The pile of dumped tires off Old Kings Road, in an image provided by the Flagler County Sheriff’s Office. The tires have been removed to a dump.

Sometime between sunset on Aug. 30 and sunup on Aug. 31, individuals the sheriff’s office referred to as “person(s) unknown,” but who may more accurately referred to as trash cowards–or cowardly trash–dumped 18 to 19 tons of used tires off North Old Kings Road, a mile north of Matanzas Woods Parkway, south of the Princess Place Preserve. That’s 37,000 pounds of trash.


The Flagler County Sheriff’s Office and the Florida Fish and Wildlife Conservation Commission’s Law Enforcement Division are investigating the illegal dumping. They believe the suspects used a large trailer to unload the tires at one time–in itself a crime as even the transportation of 25 or more tires is regulated by the Department of Environmental Protection: no one may carry tires in those quantities without a permit.

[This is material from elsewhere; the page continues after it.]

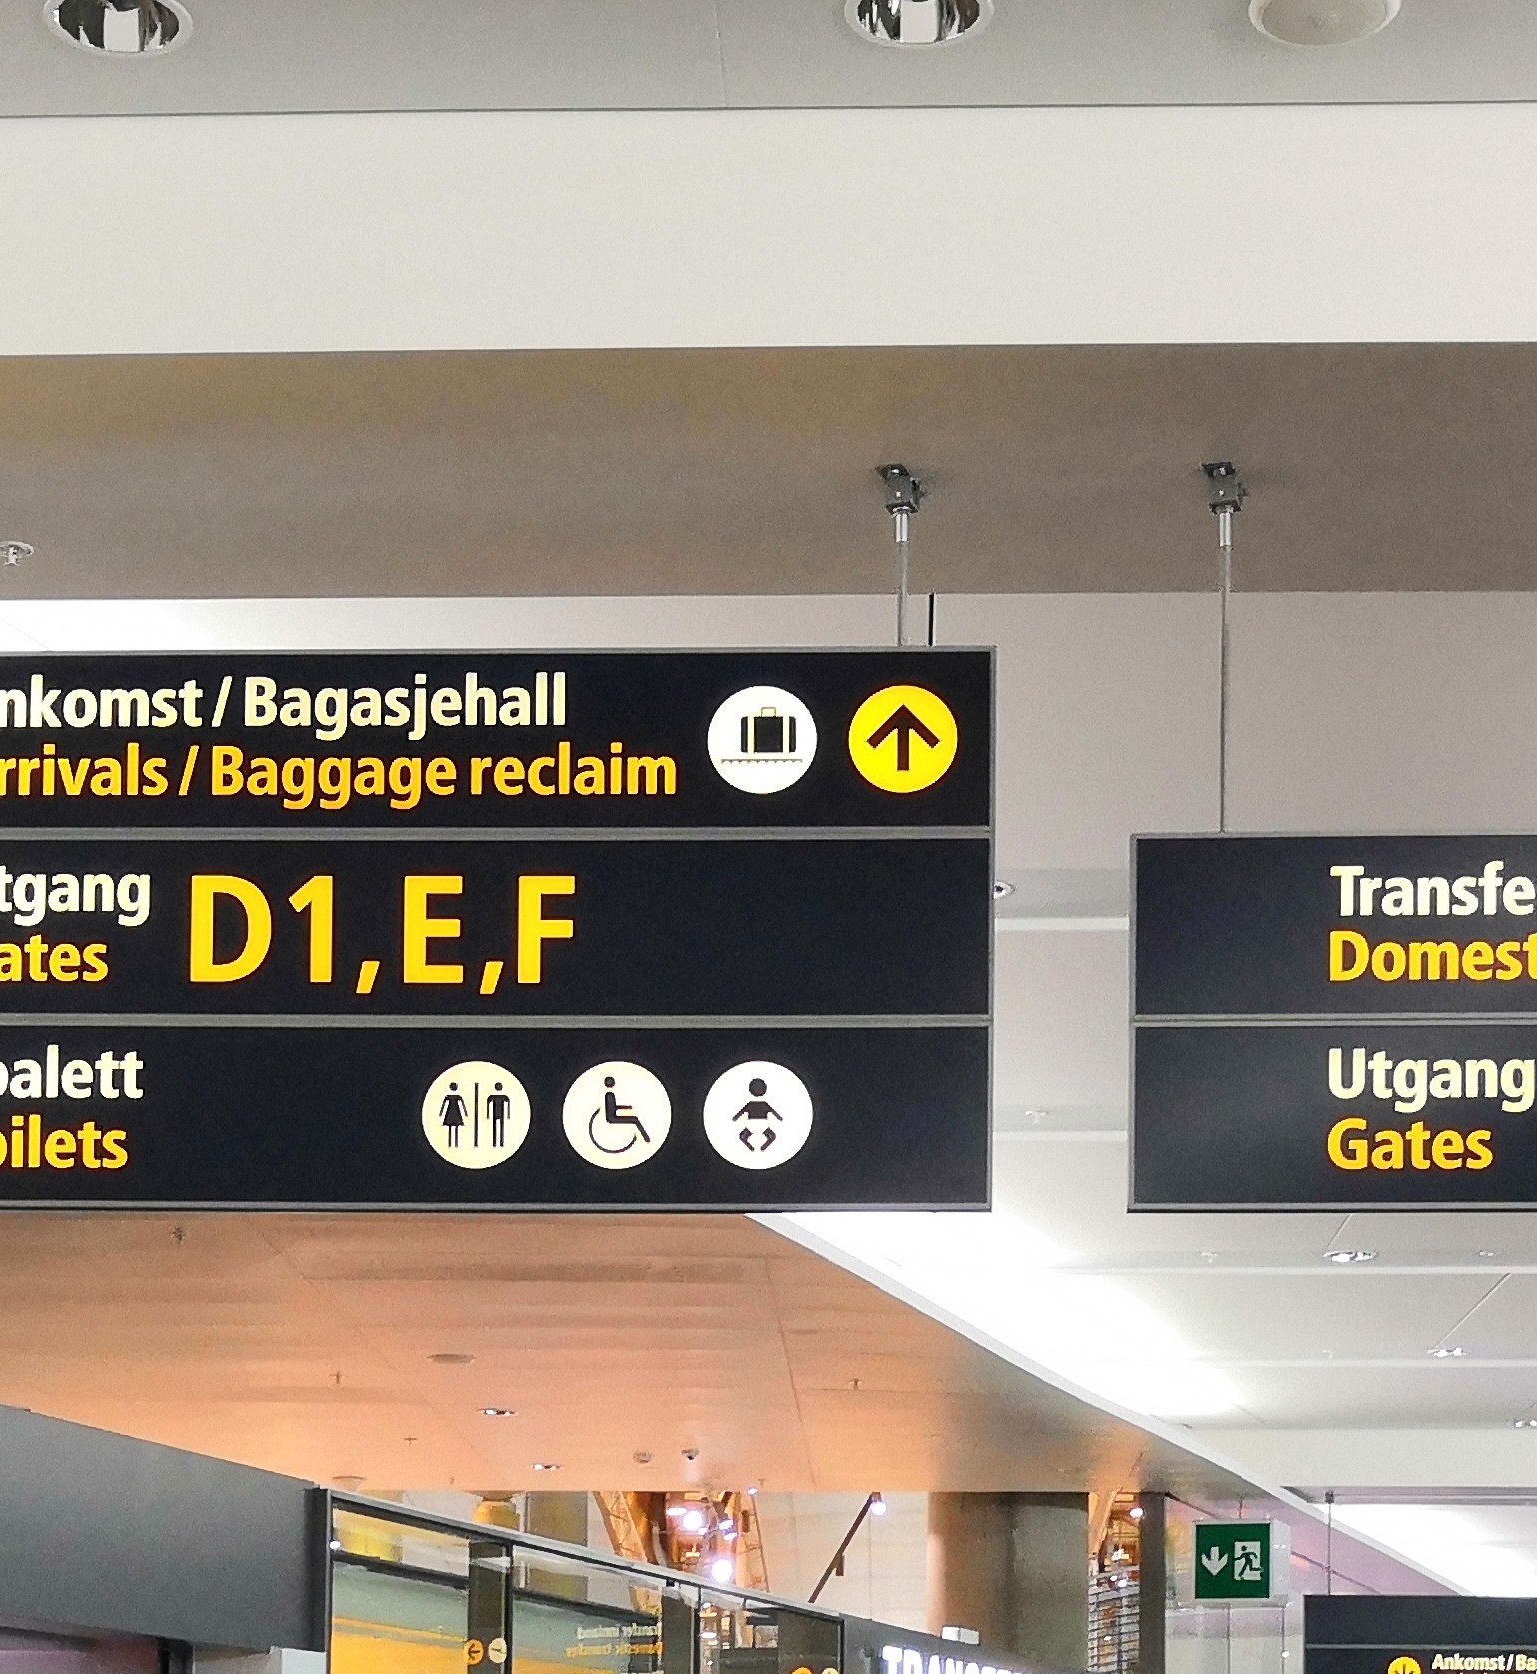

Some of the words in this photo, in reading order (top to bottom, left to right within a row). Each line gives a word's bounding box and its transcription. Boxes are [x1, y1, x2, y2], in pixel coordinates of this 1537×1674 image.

“I observed what appeared to be possibly 300 or more tires that were dump on the county right of way approximately 200 yards south of the
intersection of Old Kings Road and Aspen Way. All the tires were covered in what appeared to be dried mud,” the deputy investigating the matter wrote in the incident report. “Due to the weather conditions in this area over the last several days, we determined that the tires were dumped during the early morning hours of September 1, 2015. This is because the tires were dry and there was no standing water inside of them. There had been large amounts of rain in this area over the weekend.”

Next to the tires was a case of empty Budweiser Select 55 with 18 bottles. Unlike the tires, the cardboard case was extremely wet. Some of the bottles had mold growing inside of them. “It appeared that they had been there longer than the tires were,” the deputy concluded.

FWC officer Scott Dack reviewed video from the cameras located at the North US 1 weigh station for evidence of a truck carrying these tires but met with negative results.

The dumping off Old Kings Road, because it exceeds 500 pounds, is a third-degree felony.

Flagler County government cleaned up the tires and hauled them to a landfill in Volusia County at a cost of about $4,600. “Flagler County has a Recycling and Household Hazardous Waste Collection Facility, so it is a shame that someone chose to dump these tires here,” Flagler County Administrator Craig Coffey said.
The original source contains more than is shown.